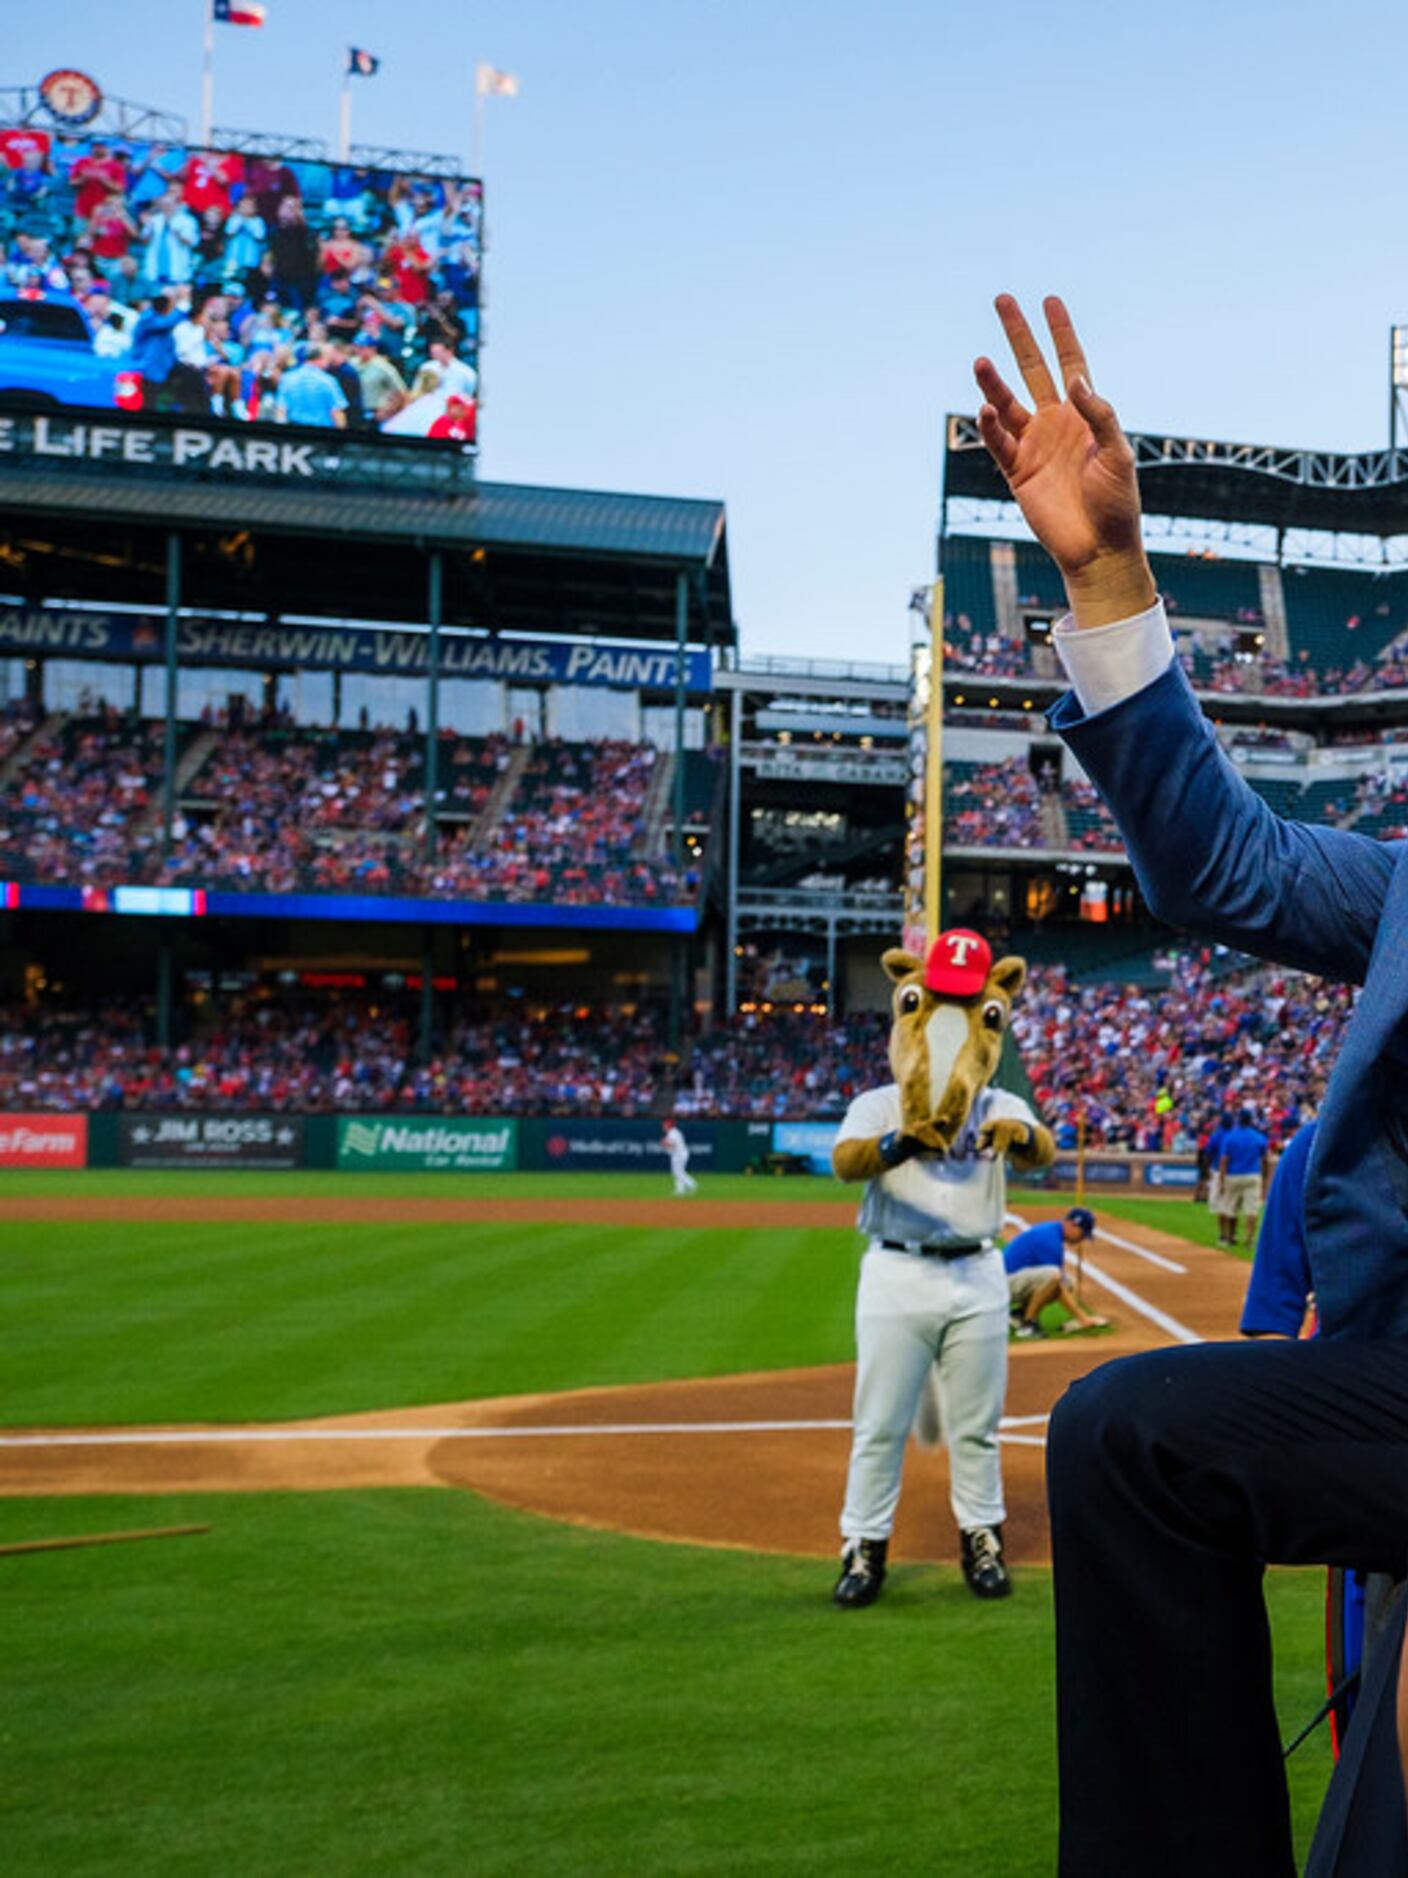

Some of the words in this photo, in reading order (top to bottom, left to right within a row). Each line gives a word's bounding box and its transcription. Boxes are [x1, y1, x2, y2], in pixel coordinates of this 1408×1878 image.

[32, 416, 156, 463] LIFE
[173, 428, 314, 476] PARK
[565, 644, 692, 686] PAINTS
[947, 935, 978, 966] T
[154, 1119, 198, 1142] JIM
[203, 1118, 274, 1143] ROSS
[380, 1126, 510, 1154] National
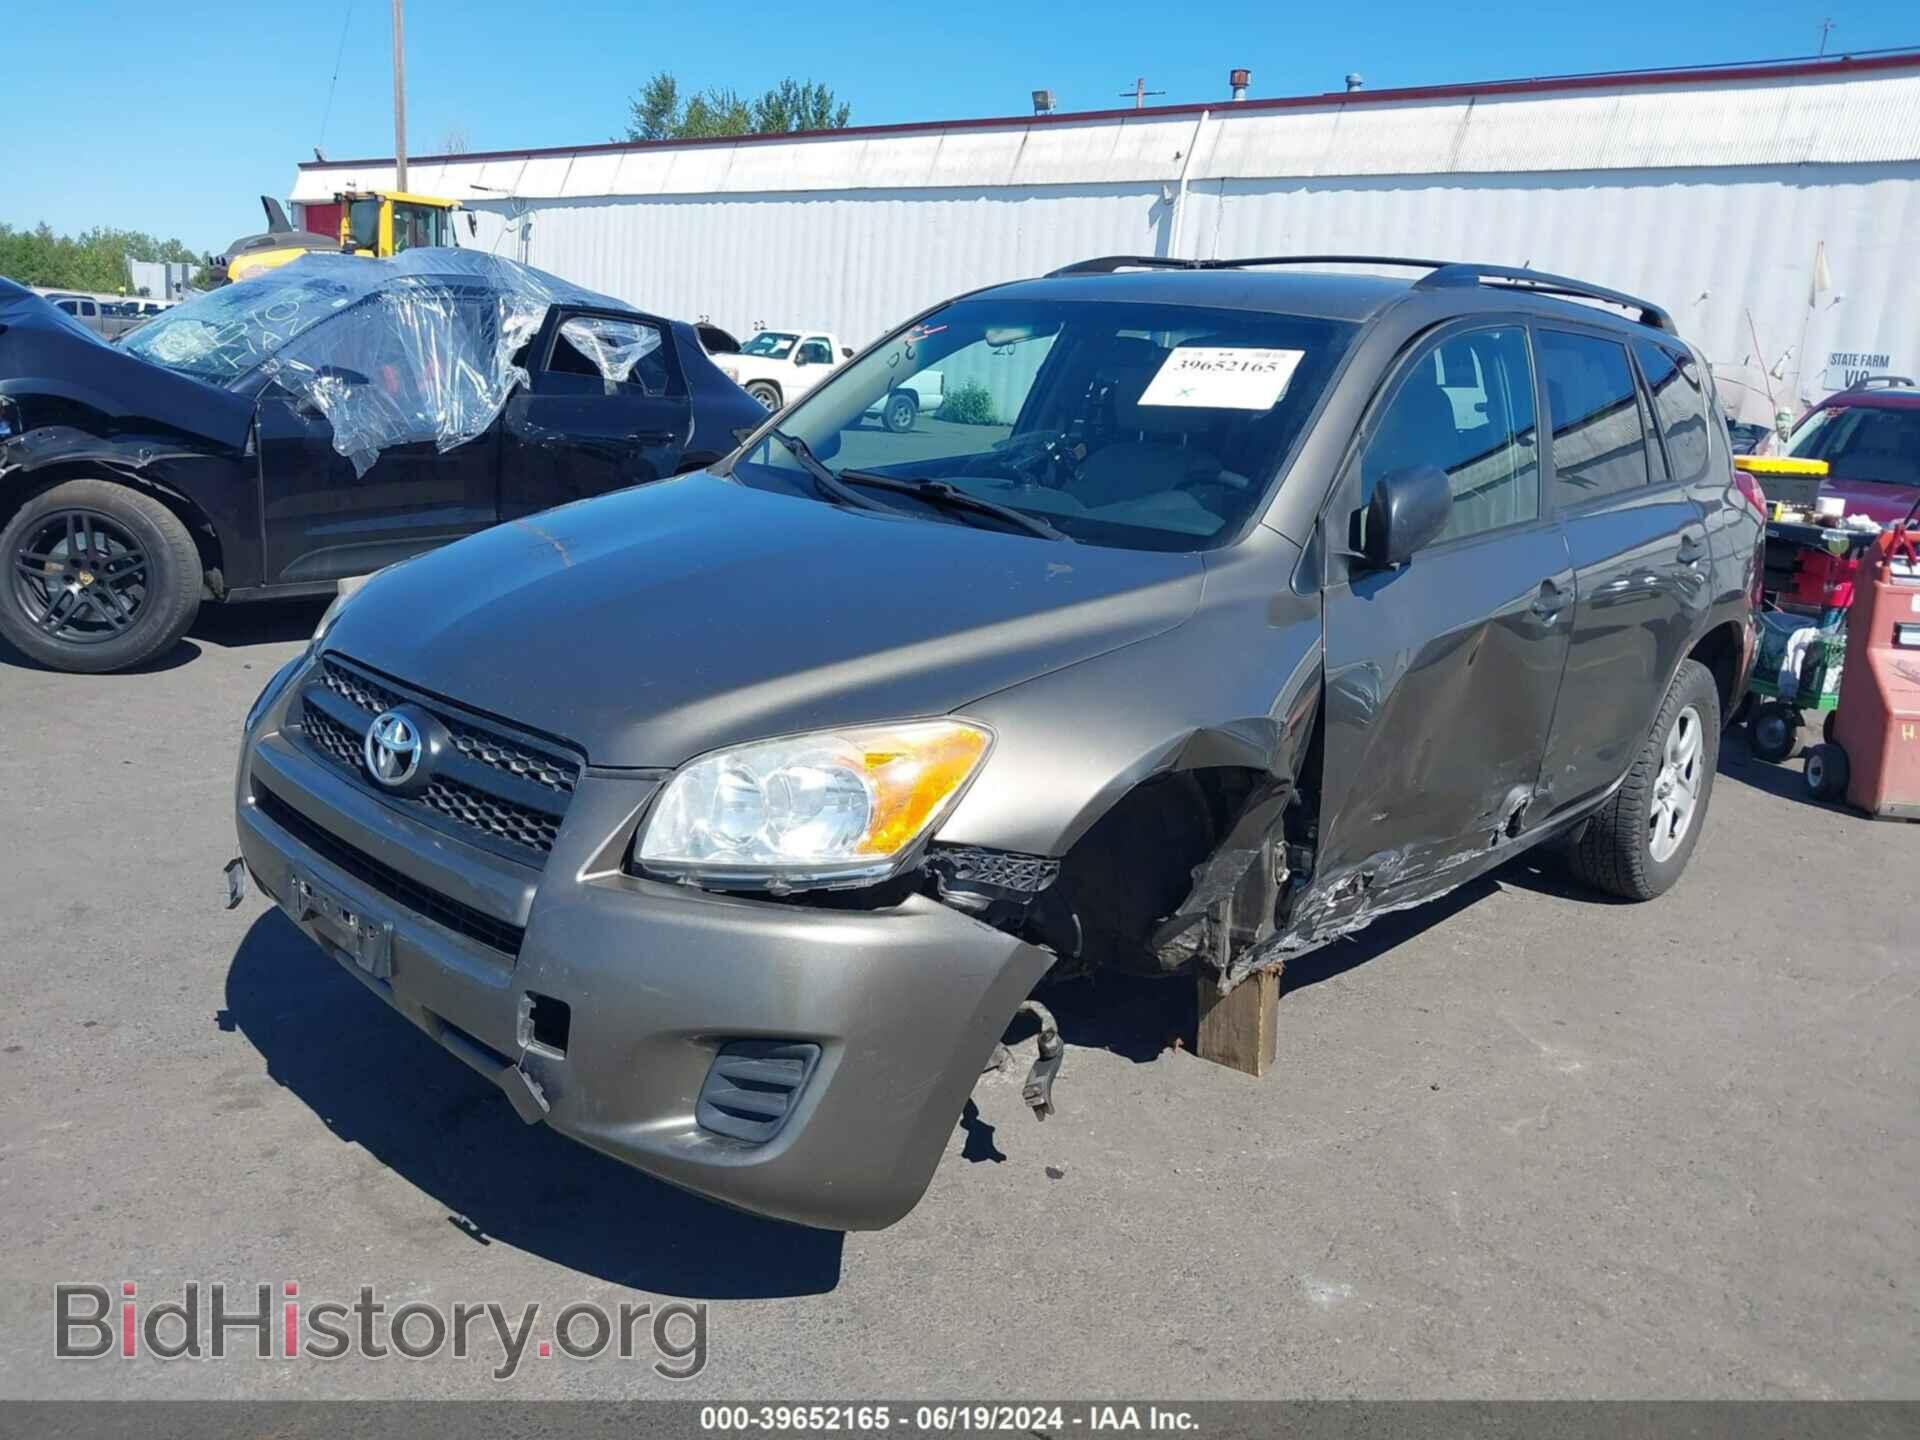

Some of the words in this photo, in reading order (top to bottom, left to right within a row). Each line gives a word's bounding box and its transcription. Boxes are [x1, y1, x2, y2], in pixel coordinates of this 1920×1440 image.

[1173, 359, 1279, 374] 39652165
[1830, 352, 1858, 367] STATE
[1860, 354, 1890, 368] FARM
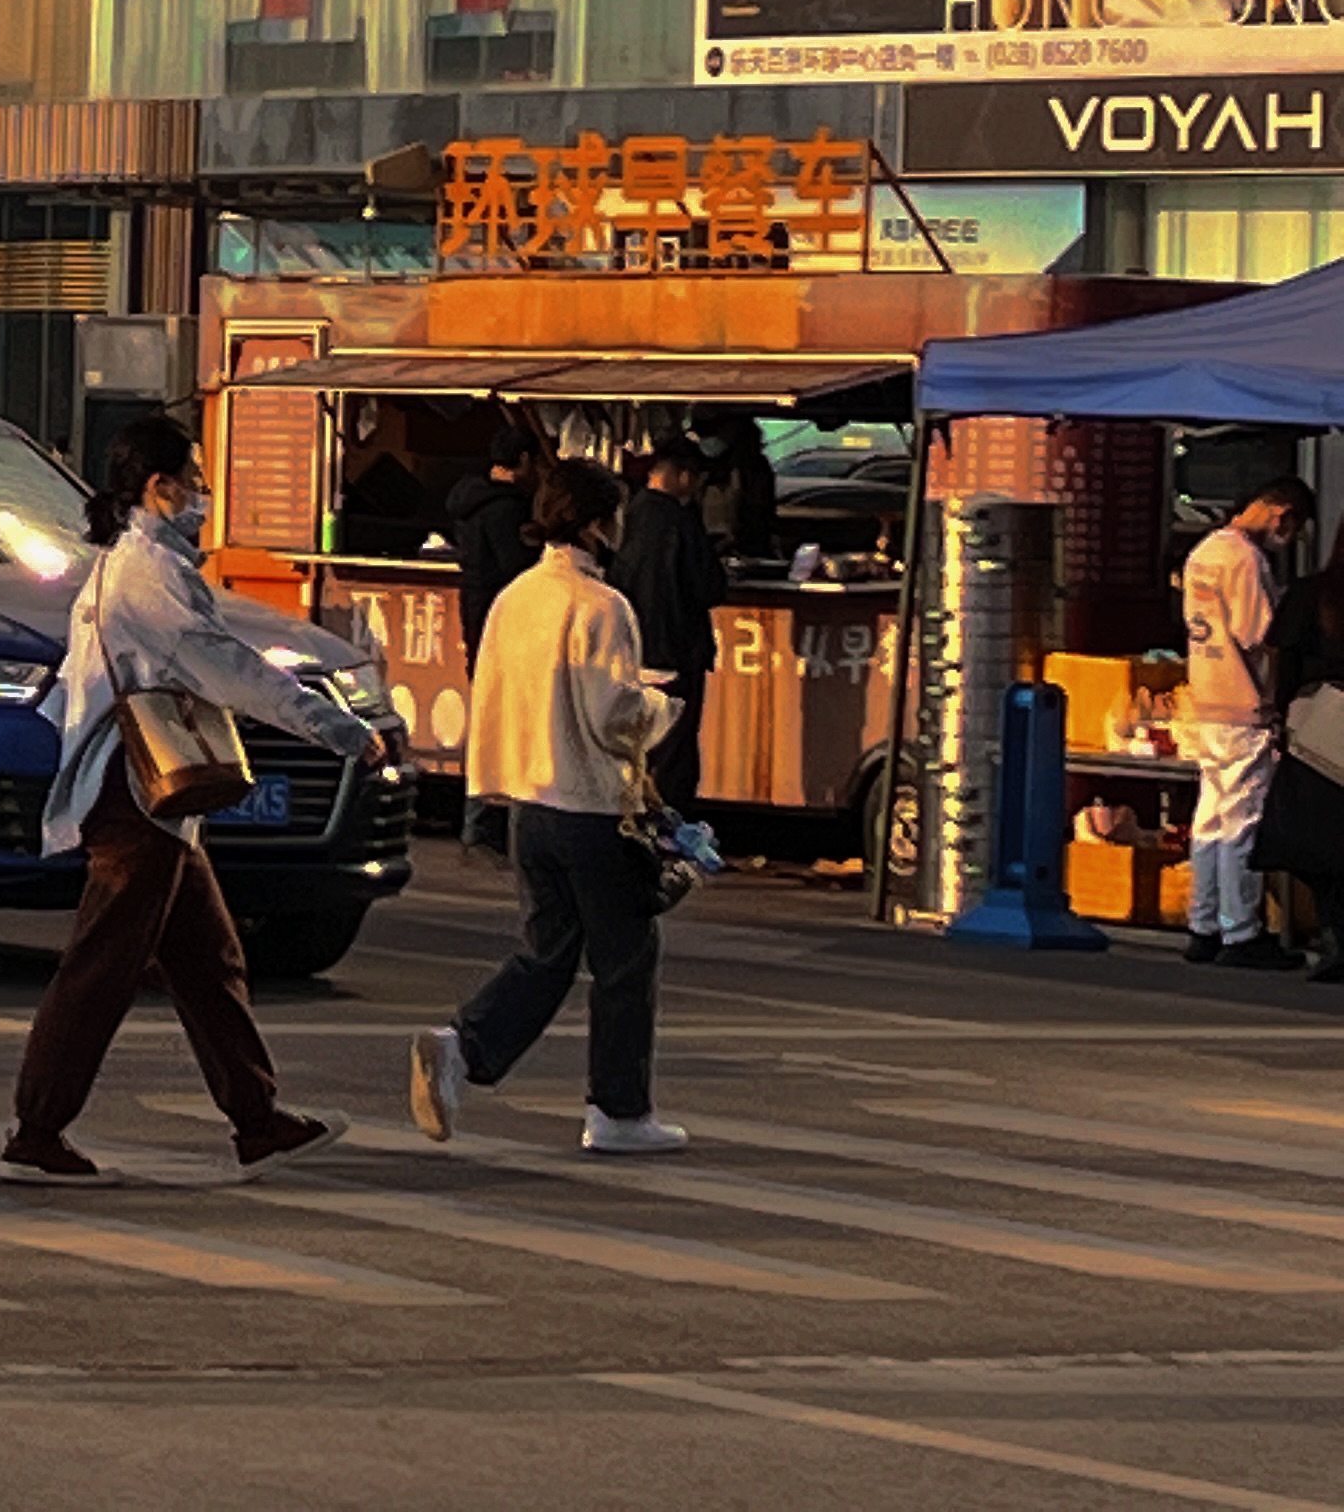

◆ ◆ ◆ ◆ ◆ ◆ ◆

Assignment
Everything from the line that contains "this 1920×1440 image." to the final line of the data is to be duplicated exactly, both ends included, except the pictures.

Answer
Some of the words in this photo, in reading order (top to bottom, left to right within a row). Each line gives a word's bounding box and its transcription. Boxes are [x1, y1, x2, y2], in pixel coordinates of this 1920×1440 image.

[1173, 359, 1279, 374] 39652165
[1830, 352, 1858, 367] STATE
[1860, 354, 1890, 368] FARM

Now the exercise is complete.